2) Autre explication, tout aussi acceptable, donnée par un quasi centenaire courchois dont les parents, commerçants, habitaient le centre bourg : à cet endroit, au bord du Conon, les commerçants du bourg étaient autorisés à déposer les ordures (hors ordures ménagères) comme les casseaux de vaisselle, verre, ferrailles… Afin de remblayer ce secteur, ces détritus étaient régulièrement tassés et recouverts par les « boues et immondices » issus du nettoyage du bourg, amenés dans un tombereau et déversés à cet endroit. Quant à l’histoire de ce lieu, elle se partage entre l’histoire du lavoir et celle du camping (qui fera l’objet d’un autre article) 

L’histoire du lavoir commence en février 1872. 

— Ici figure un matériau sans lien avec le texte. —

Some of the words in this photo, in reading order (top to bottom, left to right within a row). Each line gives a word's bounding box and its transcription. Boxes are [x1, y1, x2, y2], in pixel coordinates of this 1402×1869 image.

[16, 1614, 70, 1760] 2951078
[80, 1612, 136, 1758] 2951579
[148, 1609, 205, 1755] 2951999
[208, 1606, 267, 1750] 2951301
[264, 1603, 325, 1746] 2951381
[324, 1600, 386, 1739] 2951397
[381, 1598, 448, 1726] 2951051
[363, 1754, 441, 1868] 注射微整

A cette époque, face aux épidémies de choléra, de variole et de diphtérie, face aussi au mouvement hygiéniste, le Parlement vote la Loi du 3 février 1851 pour subventionner à 30 % la construction de lavoirs publics. 

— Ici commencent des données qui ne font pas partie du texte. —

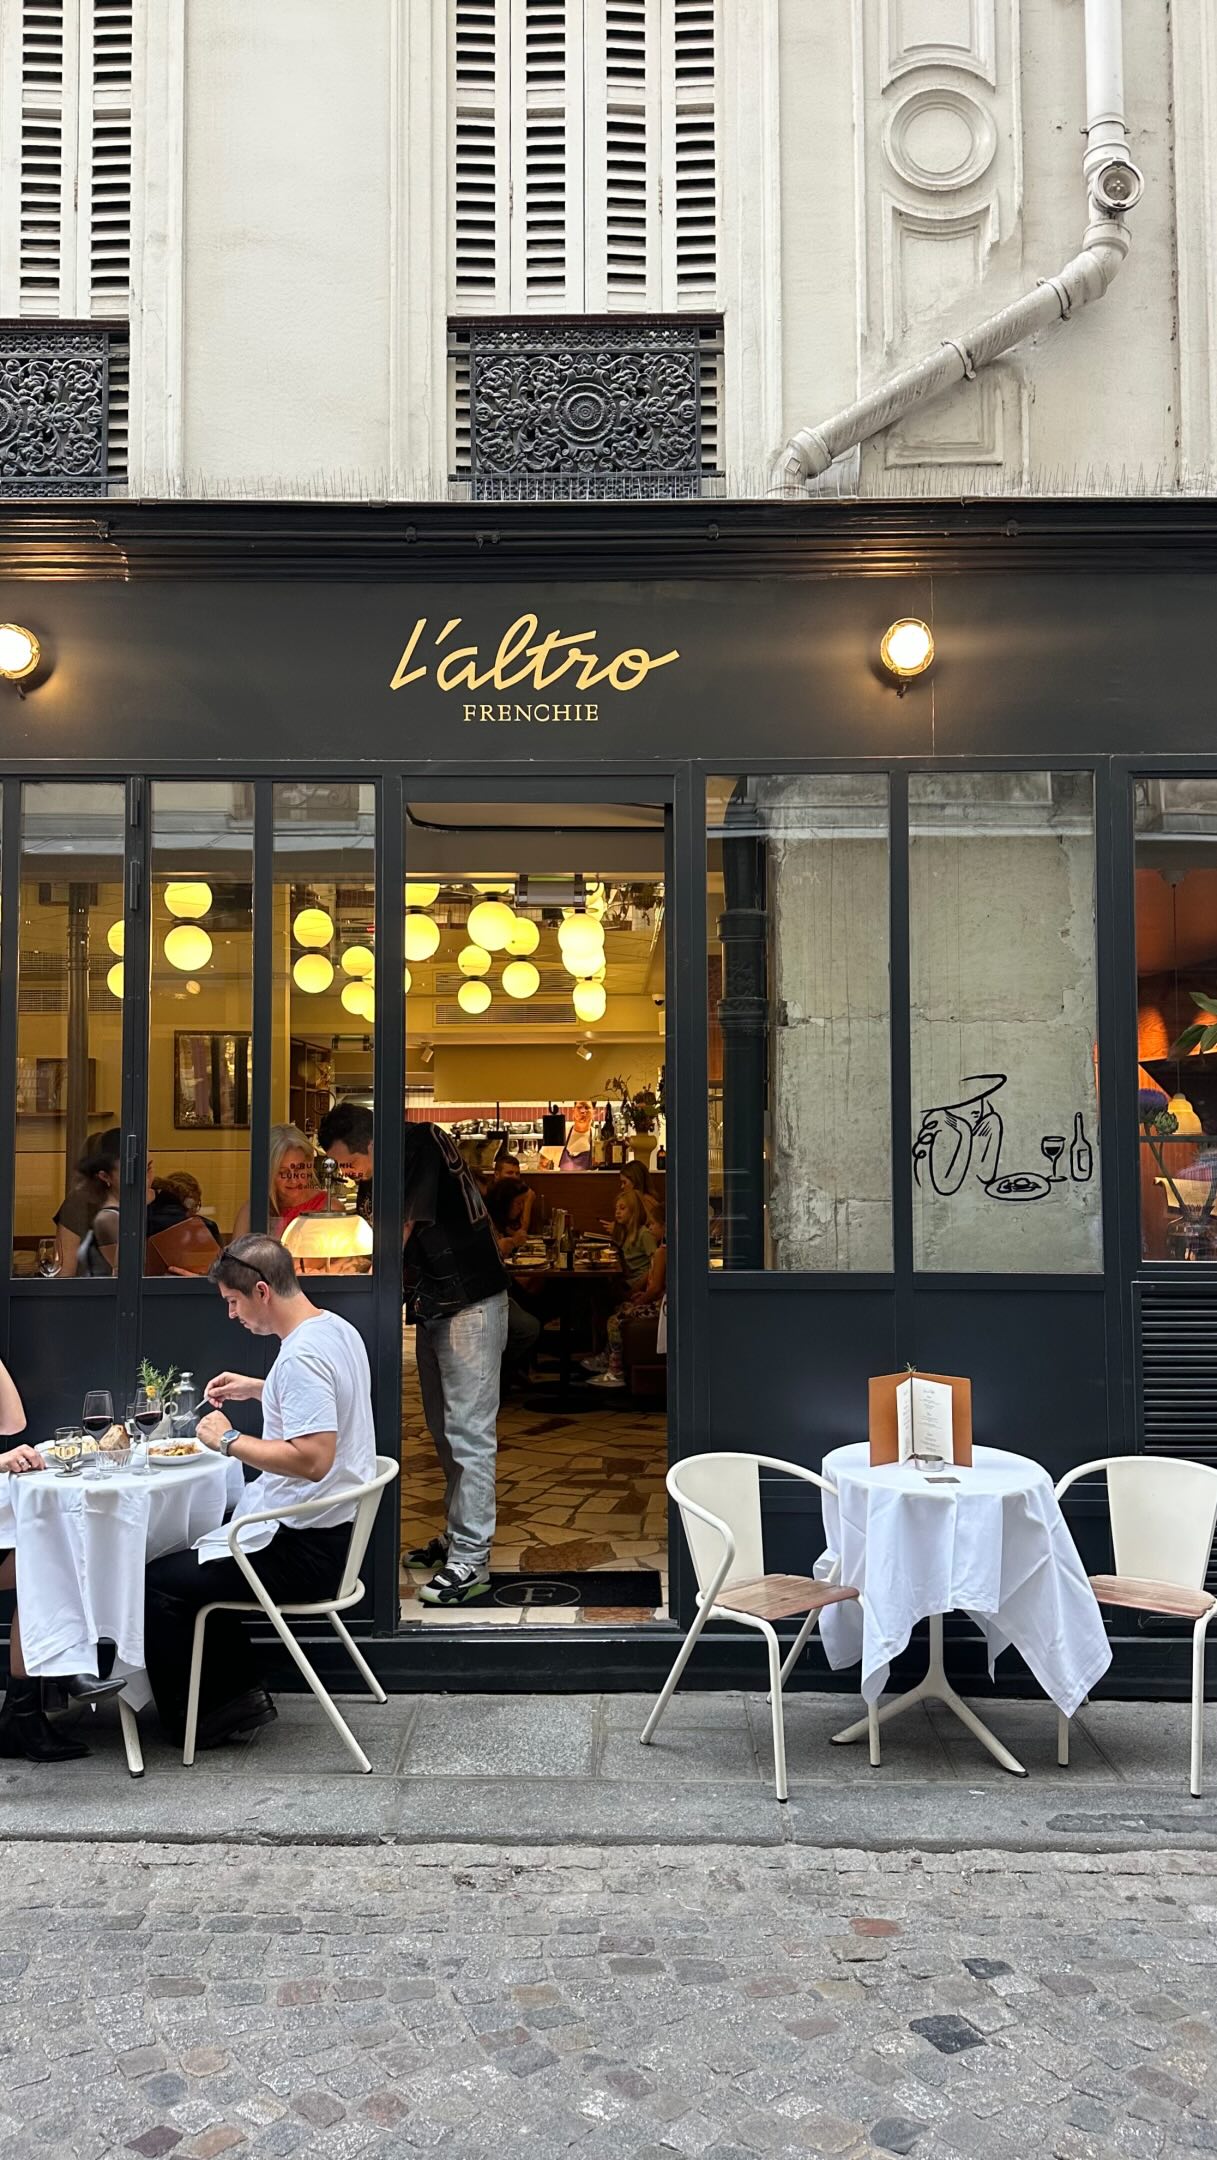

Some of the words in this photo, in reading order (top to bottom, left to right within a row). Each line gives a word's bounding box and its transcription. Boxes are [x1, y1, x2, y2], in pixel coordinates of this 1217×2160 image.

[389, 613, 680, 691] L'altro
[463, 704, 599, 722] FRENCHIE
[281, 1172, 313, 1180] LUNCH
[519, 1587, 557, 1604] F

À Cour-Cheverny, lors de la séance de Conseil municipal du 2 février 1872, le maire expose que « depuis la fermeture du lavoir de M. Adolphe Desmoulins, de nombreuses réclamations sont faites par les habitants du bourg pour l’établissement d’un lavoir public... [il fait connaître que] M. le Marquis de Vibraye, dans un intérêt général, veut bien consentir à abandonner gratuitement à la commune de Cour- Cheverny le terrain nécessaire à la construction d’un lavoir sur sa propriété de Poussard, vers l’extrémité de la rue de Saint-Aignan, pour la réception en eaux des fontaines ou sur une partie avoisinant la rivière » 

Le Conseil décide la construction d’un lavoir et vote, en juin, un budget de 1 500 francs qui sera porté au budget supplémentaire de 1872. 
En mai 1873, une pétition signée par 130 habitants du bourg demande l’établissement d’un lavoir public : en juin, un an auparavant, la position financière de la commune avait, en effet, mis obstacle à l’autorisation préfectorale nécessaire. Le Conseil municipal, prenant en considération la pétition, le lavoir de M. A. Desmoulin est définitivement laissé à la commune au prix de 2 500 francs.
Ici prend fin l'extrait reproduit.